2.2 Thermal ring test [17]

The ring test proposed in this study, aiming at predicting the behaviour and the cracking of concrete at early age of massive structures (like nuclear power plant containment) is a thermally controlled device. Its principle is to create the thermal strain effects by increasing the temperature of the brass ring in order to expand it and to reproduce a stress rate similar to the one of a real massive structure. In this case, the expansion of the ring is restrained by the external concrete layer (the thermal dilatation coefficient of the brass is about 3 times higher than the concrete one). This induces compressive stresses in the ring and therefore tensile stresses in concrete. The temperature evolution of the brass ring is punctually regulated by water circulation into the ring, created by a thermostatic bath (Figure 3). The brass ring strains are measured by 3 strains gages placed at 120° and two temperature probes are placed in an opposite way on a same diameter.
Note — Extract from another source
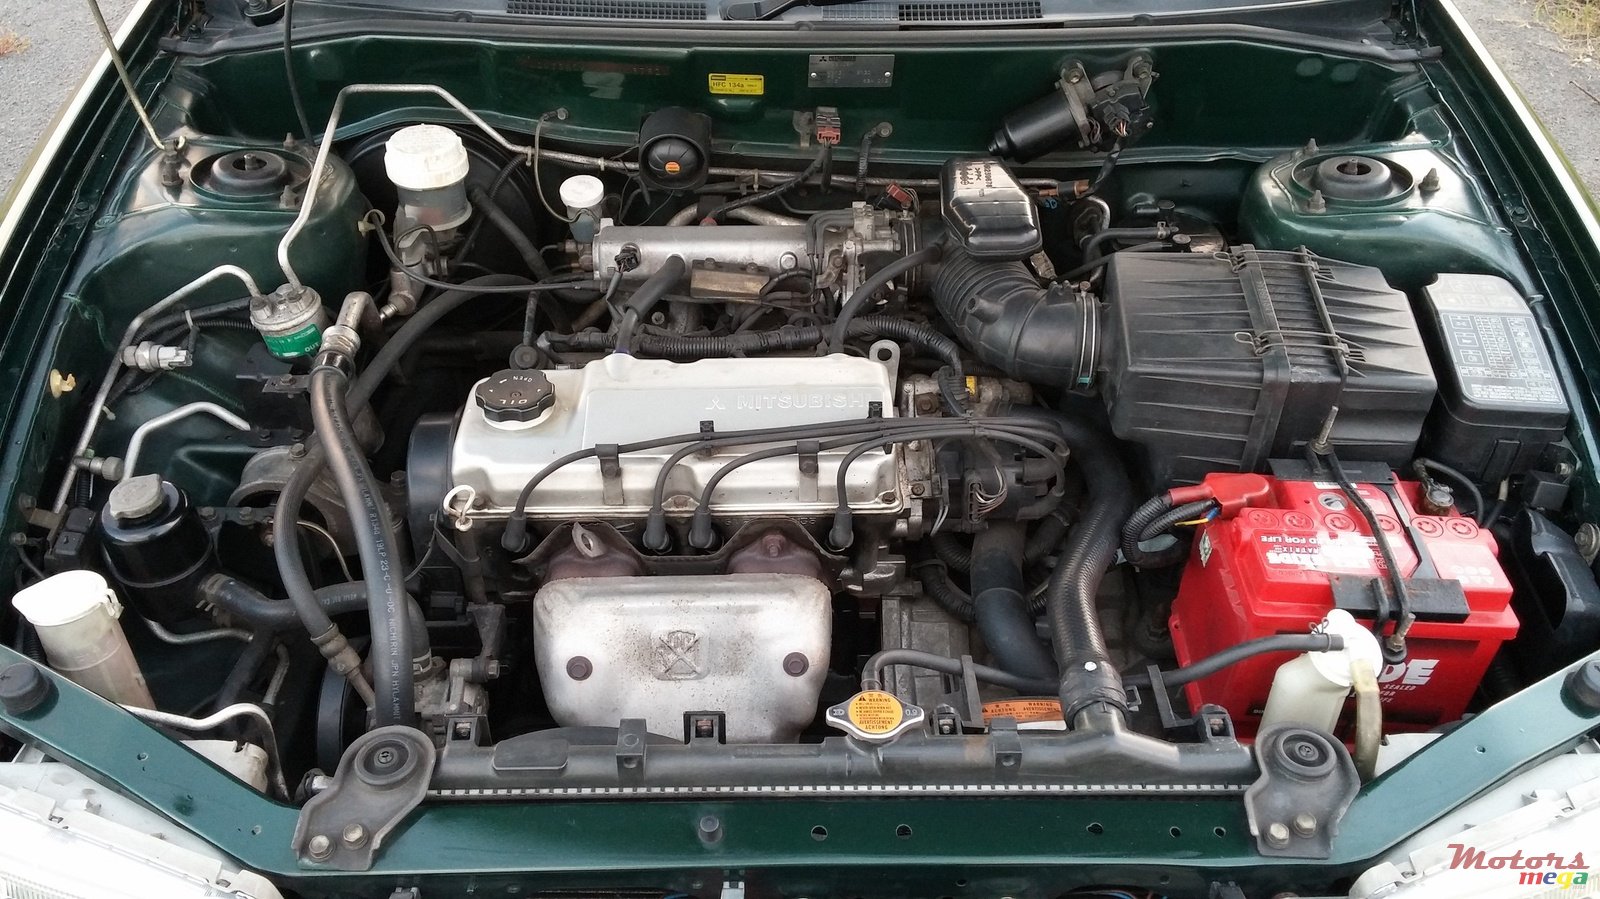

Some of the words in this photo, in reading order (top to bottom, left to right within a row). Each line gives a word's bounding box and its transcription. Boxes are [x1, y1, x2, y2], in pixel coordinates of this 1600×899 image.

The specimen dimensions in the active ring test have been chosen to obtain a concrete ring section of 10cm x 10cm. Since drying is 103 to 106 times slower than heat transfer, and because the formwork is removed 15 days after casting (in nuclear power plants), massive structures at early-age are almost in endogenous conditions (except for the external concrete skin). Therefore, tests are performed with no hydrous exchange with the environment (the concrete ring is covered with an adhesive aluminum layer: the weight loss is less than 0.1 % after 7 days). It should be noticed that this device is well adapted to describe cracking during concrete lift, but cannot retrieve thermal stresses due to self restraint (temperature gradient inside the thickness). However, numerical simulations show that, for the studied concrete (and associated structure), thermal stresses due to self restraint do not lead to cracking [2].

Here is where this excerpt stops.